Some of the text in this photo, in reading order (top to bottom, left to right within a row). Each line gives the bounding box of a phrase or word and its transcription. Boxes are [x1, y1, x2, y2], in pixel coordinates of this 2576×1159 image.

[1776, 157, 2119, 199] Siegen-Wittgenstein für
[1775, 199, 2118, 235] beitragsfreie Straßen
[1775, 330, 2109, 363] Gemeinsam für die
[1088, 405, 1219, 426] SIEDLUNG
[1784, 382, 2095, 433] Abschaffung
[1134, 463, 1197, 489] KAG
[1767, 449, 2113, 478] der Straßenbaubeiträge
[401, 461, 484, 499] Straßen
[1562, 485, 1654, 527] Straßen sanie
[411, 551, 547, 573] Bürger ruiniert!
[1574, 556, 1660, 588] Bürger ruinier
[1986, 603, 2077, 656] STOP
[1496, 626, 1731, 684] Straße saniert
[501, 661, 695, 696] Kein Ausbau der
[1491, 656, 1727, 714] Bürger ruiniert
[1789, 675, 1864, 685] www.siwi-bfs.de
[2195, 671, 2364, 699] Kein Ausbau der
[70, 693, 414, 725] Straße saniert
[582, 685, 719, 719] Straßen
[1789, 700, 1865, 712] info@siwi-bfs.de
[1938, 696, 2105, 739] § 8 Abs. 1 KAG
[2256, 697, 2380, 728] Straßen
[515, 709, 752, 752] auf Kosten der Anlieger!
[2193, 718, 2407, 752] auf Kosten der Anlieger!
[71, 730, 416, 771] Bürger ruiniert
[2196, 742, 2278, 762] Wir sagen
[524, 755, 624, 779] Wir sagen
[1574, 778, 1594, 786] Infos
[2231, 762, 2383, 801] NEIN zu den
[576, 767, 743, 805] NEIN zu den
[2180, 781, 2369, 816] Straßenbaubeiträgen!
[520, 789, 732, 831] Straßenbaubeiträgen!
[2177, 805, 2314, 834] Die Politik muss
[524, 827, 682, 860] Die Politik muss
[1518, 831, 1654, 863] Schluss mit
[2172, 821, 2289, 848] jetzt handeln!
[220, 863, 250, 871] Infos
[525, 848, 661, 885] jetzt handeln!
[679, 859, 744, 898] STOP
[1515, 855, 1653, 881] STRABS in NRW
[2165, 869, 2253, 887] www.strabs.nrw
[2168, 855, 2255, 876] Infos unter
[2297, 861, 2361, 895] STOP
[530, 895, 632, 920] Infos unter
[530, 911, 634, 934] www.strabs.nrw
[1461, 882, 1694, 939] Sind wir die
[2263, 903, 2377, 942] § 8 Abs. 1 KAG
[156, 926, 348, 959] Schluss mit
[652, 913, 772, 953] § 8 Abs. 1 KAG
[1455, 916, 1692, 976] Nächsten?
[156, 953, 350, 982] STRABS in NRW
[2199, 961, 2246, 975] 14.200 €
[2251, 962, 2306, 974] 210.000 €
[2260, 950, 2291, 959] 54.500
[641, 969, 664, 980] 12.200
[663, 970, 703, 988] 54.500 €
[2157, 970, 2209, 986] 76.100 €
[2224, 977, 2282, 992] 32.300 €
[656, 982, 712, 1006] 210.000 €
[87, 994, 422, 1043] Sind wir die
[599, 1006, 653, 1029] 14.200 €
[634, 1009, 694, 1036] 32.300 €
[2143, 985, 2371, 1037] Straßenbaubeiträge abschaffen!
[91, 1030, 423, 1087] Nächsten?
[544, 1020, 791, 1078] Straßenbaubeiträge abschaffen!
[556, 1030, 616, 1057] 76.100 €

===

■ TASK PROMPT ■
Every line of the listing that includes "Anlieger" must be shown.

■ TASK RESPONSE ■
[515, 709, 752, 752] auf Kosten der Anlieger!
[2193, 718, 2407, 752] auf Kosten der Anlieger!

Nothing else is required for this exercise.